Faster execution exposes bad thinking. It doesn't fix it.
Editorial insight
Every day, you log in at LinkedIn and it tells us AI just changed everything again. Design. Development. Research. Strategy. And honestly? It's not wrong.
But there's something missing from most of those posts. They talk about what AI can do. They rarely talk about what it can't replace: the part where you figure out what's actually worth building, and why.
Speed is easy to measure. Direction isn't. And right now, a lot of teams are moving faster than ever toward the wrong thing.
Now, the question we must ask ourselves it's whether you're building the right thing at all, and not how fast you can build.
Value piece
AI in the room before you start building
Teams that get the most out of AI in product development are using it earlier, before a single line of code is written.
That shift matters more than it sounds. And here’s why.
The discovery phase has always been the most expensive place to be wrong. Assumptions that survive into development become features nobody uses. Features nobody uses become products that don't work. AI doesn't eliminate that risk, but it does change the economics of it.
When you can prototype an idea in hours instead of weeks, you can test more assumptions before committing. When you can generate interview guides, validation frameworks, and competing hypotheses in minutes, the conversation about what to build becomes richer and earlier. The cost of being wrong drops. The cost of not finding out goes up.
But AI doesn't decide what's worth learning.
This is the part that gets lost. A faster prototype is only useful if it's testing something that matters. An AI-generated PRD is only useful if the thinking behind it is sound. More output, produced faster, amplifies whatever direction you've already chosen, good or bad.
The teams building with the most clarity right now share something: they use AI to accelerate the discovery loop, not to skip it. They come in with clear hypotheses. They define what validation looks like before they test. They treat AI as a way to get to real user feedback faster, not as a substitute for it.
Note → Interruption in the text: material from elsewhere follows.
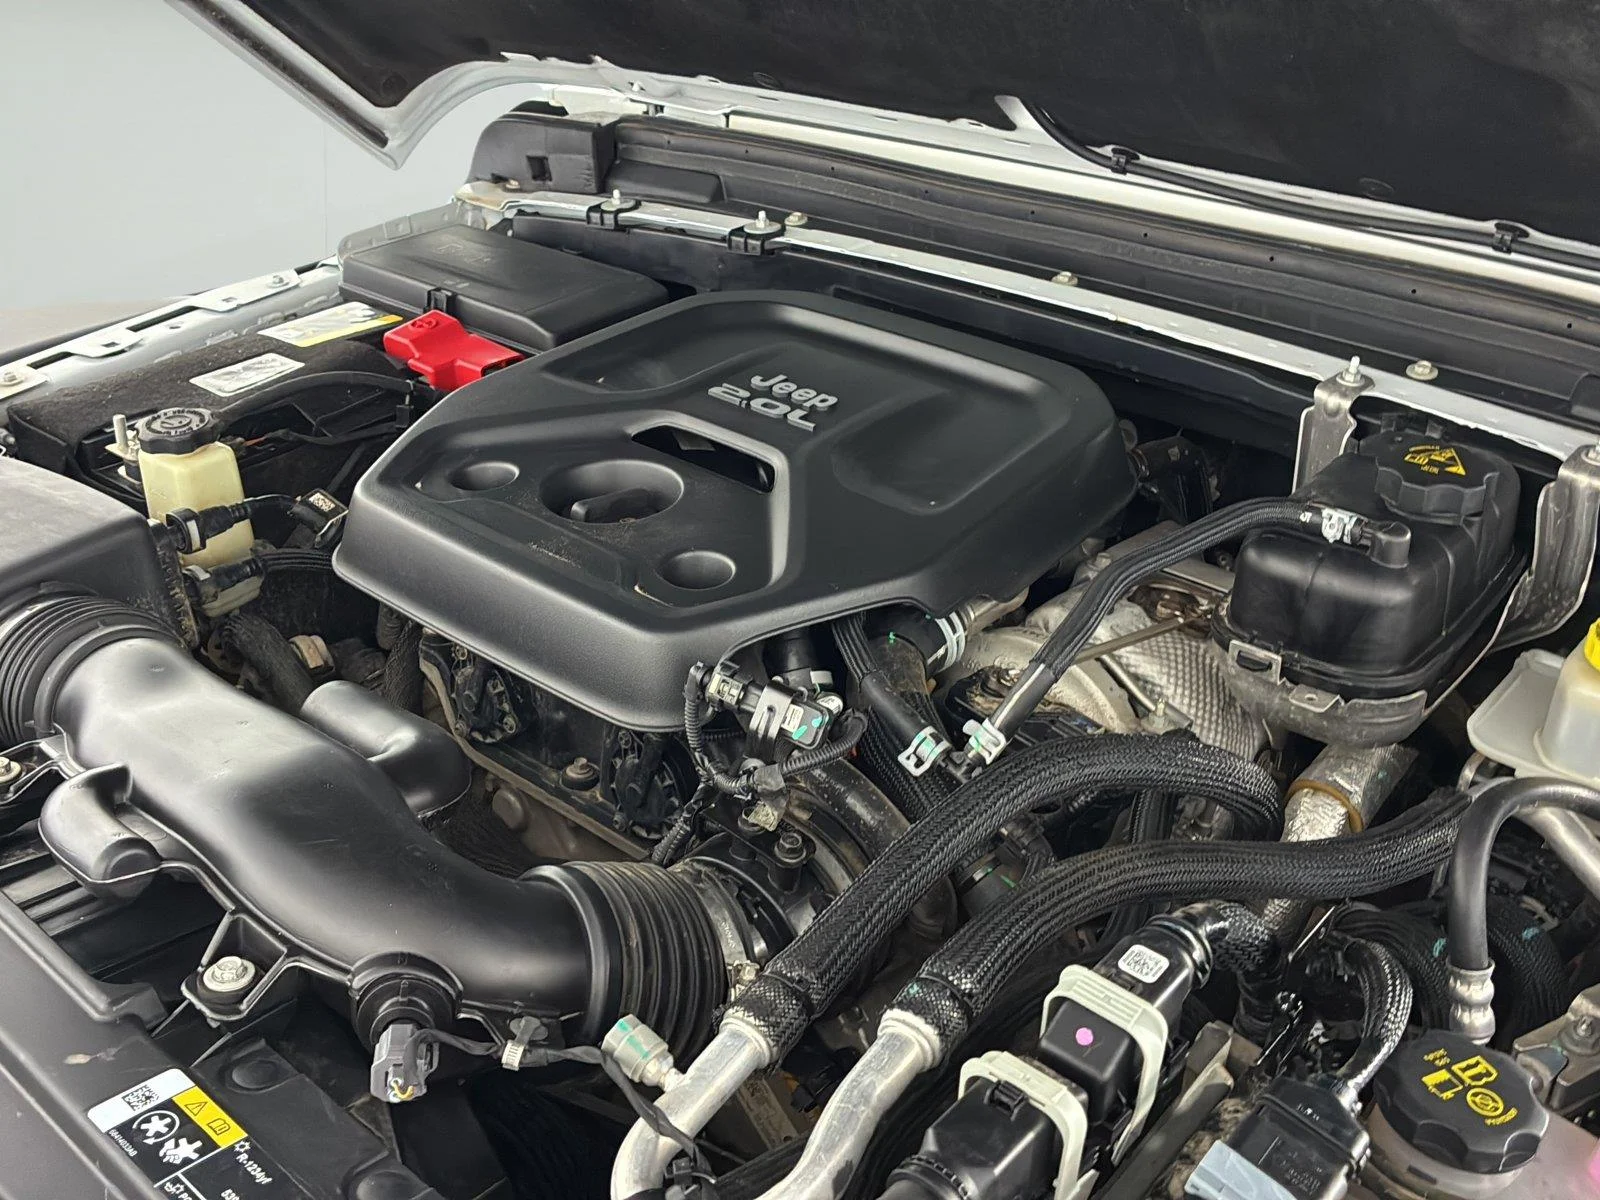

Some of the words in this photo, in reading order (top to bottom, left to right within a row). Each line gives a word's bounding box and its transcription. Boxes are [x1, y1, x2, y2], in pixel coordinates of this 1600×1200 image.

[707, 382, 816, 432] 2.0L
[751, 374, 838, 411] Jeep
[236, 1153, 273, 1185] R-1234yf
What this looks like in practice:
Use AI to generate competing framings of the problem before aligning on one
Build low-fidelity prototypes early to surface assumptions you didn't know you were making
Let AI draft the research artifacts, then interrogate them like you would any brief
Treat speed as a way to run more experiments, not fewer conversations
The barrier to building has never been lower. That's not the advantage most people think it is. The advantage goes to the teams who use that speed to learn more, not to the teams who use it to decide less.
Untile Picks & Trends Radar
Two readings that we think are worth your time this month:
→ Vitorino took a startup from a discovery session to a working proof of concept using AI tools end-to-end, including the parts that didn't go as planned. If you want to understand what "AI as a multiplier" actually looks like in practice, this is the most honest version we've seen. Read Vitorino's breakdown.
→ David Hoang on how product discovery changes when you can build anything, immediately. His argument: discovery doesn't get less important, it gets more important. And the hard part was never synthesising research. It was getting the right insights in the first place. Read "How Product Discovery Changes with AI".
Case Studies
When the brief is wrong

From early discovery sketches to a focused billing CRM.
The brief changed, the outcome didn't.
Arturai came to us with a clear request: digitise all internal processes. They had a list, a timeline, and a budget. On paper, it was a straightforward project.
But we didn't start building. We spent two weeks in discovery: mapping workflows, talking to the people doing the actual work, looking for where things were really breaking down.
What we found changed everything about the scope, the solution, and the timeline.
The result was a focused MVP, delivered fast, within budget, and solving the problem that actually mattered. Billing processes that used to take minutes now take seconds. Time savings of over 50%.
But the more interesting question is what would have happened if we'd just built what they asked for.
Inside Untile

The next Open Days is on May 28, at the Untile office. See you there.
What we’ve been up to lately:
→ Abel Soares, our Head of Engineering, wrote about what it actually costs to integrate AI into an engineering team. Not the tools. The standards, the documentation, and the transition period nobody plans for. Read the article
→ Our next Open Days is on May 28, at the Untile office. The topic: how large organisations experiment with new ideas without putting their core business at risk. Register here
From the team
“AI didn't make us faster on its own. What really saved time was doing the hard discovery work first, then using AI to narrow the gap between validated insights and a working proof of concept. Without that foundation, AI speed quickly turns into an illusion. More activity, but not necessarily more value.”
Till next month!
The right problem is worth finding.
Most teams don't fail because they build badly. They fail because they build the wrong thing, and only find out later.
Discovery is where that changes. It's the work that makes everything else worth doing.